The correct explicit formula for the distance, with your coordinate system, is given by:

d((x1,y1),(x2,y2)) = max( abs(x1 - x2), 
                          abs((y1 + floor(x1/2)) - (y2 + floor(x2/2)))
                        )


回答3:

First, you need to transform your coordinates to a "mathematical" coordinate system. Every two columns you shift your coordinates by 1 unit in the y-direction. The "mathamatical" coordinates (s, t) can be calculated from your coordinates (u,v) as follows:

s = u + floor(v/2) t = v

If you call one side of your hexagons a, the basis vectors of your coordinate system are (0, -sqrt(3)a) and (3a/2, sqrt(3)a/2). To find the minimum distance between your points, you need to calculate the manhattan distance in your coordinate system, which is given by |s1-s2|+|t1-t2| where s and t are the coordinates in your system.

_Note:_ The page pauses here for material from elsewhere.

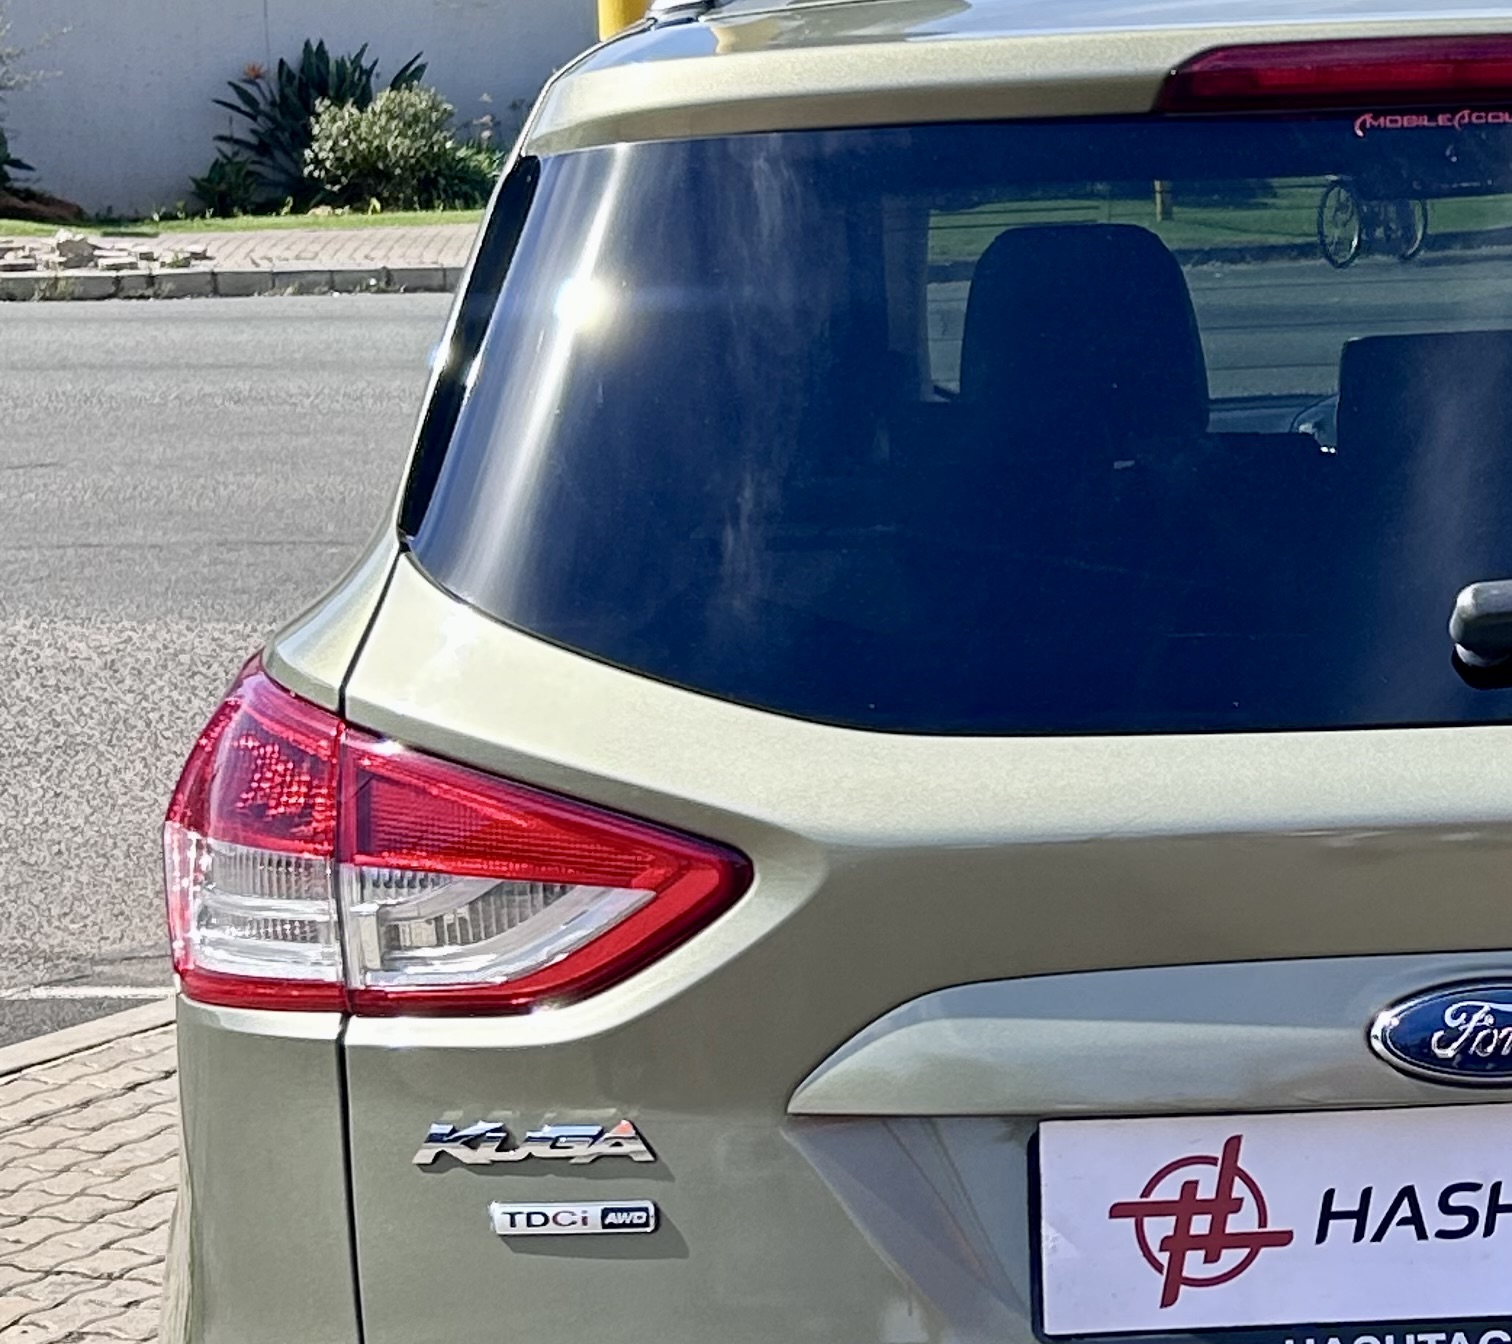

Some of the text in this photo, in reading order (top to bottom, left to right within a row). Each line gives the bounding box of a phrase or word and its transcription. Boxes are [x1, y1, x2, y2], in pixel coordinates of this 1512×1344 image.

The manhattan distance only covers walking in the direction of your basis vectors so it only covers walking like that: |/ but not walking like that: |\. You need to transform your vectors into another coordinate system with basis vectors (0, -sqrt(3)a) and (3a/2, -sqrt(3)a/2). The coordinates in this system are given by s'=s-t and t'=t so the manhattan distance in this coordinate system is given by |s1'-s2'|+|t1'-t2'|. The distance you are looking for is the minimum of the two calculated manhattan distances. Your code would look like this:

struct point
{
  int u;
  int v;
}

int dist(point const & p, point const & q)
{
  int const ps = p.u + (p.v / 2); // integer division!
  int const pt = p.v;
  int const qs = q.u + (q.v / 2);
  int const qt = q.v;
  int const dist1 = abs(ps - qs) + abs(pt - qt);
  int const dist2 = abs((ps - pt) - (qs - qt)) + abs(pt - qt);
  return std::min(dist1, dist2);
}


回答4:

Here is what a did:

Taking one cell as center (it is easy to see if you choose 0,0), cells at distance dY form a big hexagon (with “radius” dY). One vertices of this hexagon is (dY2,dY). If dX<=dY2 the path is a zig-zag to the ram of the big hexagon with a distance dY. If not, then the path is the “diagonal” to the vertices, plus an vertical path from the vertices to the second cell, with add dX-dY2 cells.

Maybe better to understand: led:

dX = abs(x1 - x2);
dY = abs(y1 - y2);
dY2= floor((abs(y1 - y2) +  (y1+1)%2  ) / 2);

Then:

 d = d((x1,y1),(x2,y2)) 
   = dX < dY2 ? dY : dY + dX-dY2 + y1%2 * dY%2


回答5:

Posting here after I saw a blog post of mine had gotten referral traffic from another answer here. It got voted down, rightly so, because it was incorrect; but it was a mischaracterization of the solution put forth in my post.

Your 'squiggly' axis - in terms of your x coordinate being displaced every other row - is going to cause you all sorts of headaches with trying to determine distances or doing pathfinding later on, if this is for a game of some sort. Hexagon grids lend themselves to three axes naturally, and a 'squared off' grid of hexagons will optimally have some negative coordinates, which allows for simpler math around distances.

Here's a grid with (x,y) mapped out, with x increasing to the lower right, and y increasing upwards.

By straightening things out, the third axis becomes obvious.

The neat thing about this, is that the three coordinates become interlinked - the sum of all three coordinates will always be 0.

With such a consistent coordinate system, the atomic distance between any two hexes is the largest change between the three coordinates, or:

d = max( abs(x1 - x2), abs(y1 -y2), abs( (-x1 + -y1) - (-x2 + -y2) )

Pretty straightforward. But you must fix your grid first!



回答6:

(odd-r)(without z, only x,y)

I saw some problems with realizations above. Sorry, I didn't check it all but. But maybe my solution will be helpful for someone and maybe it's a bad and not optimized solution.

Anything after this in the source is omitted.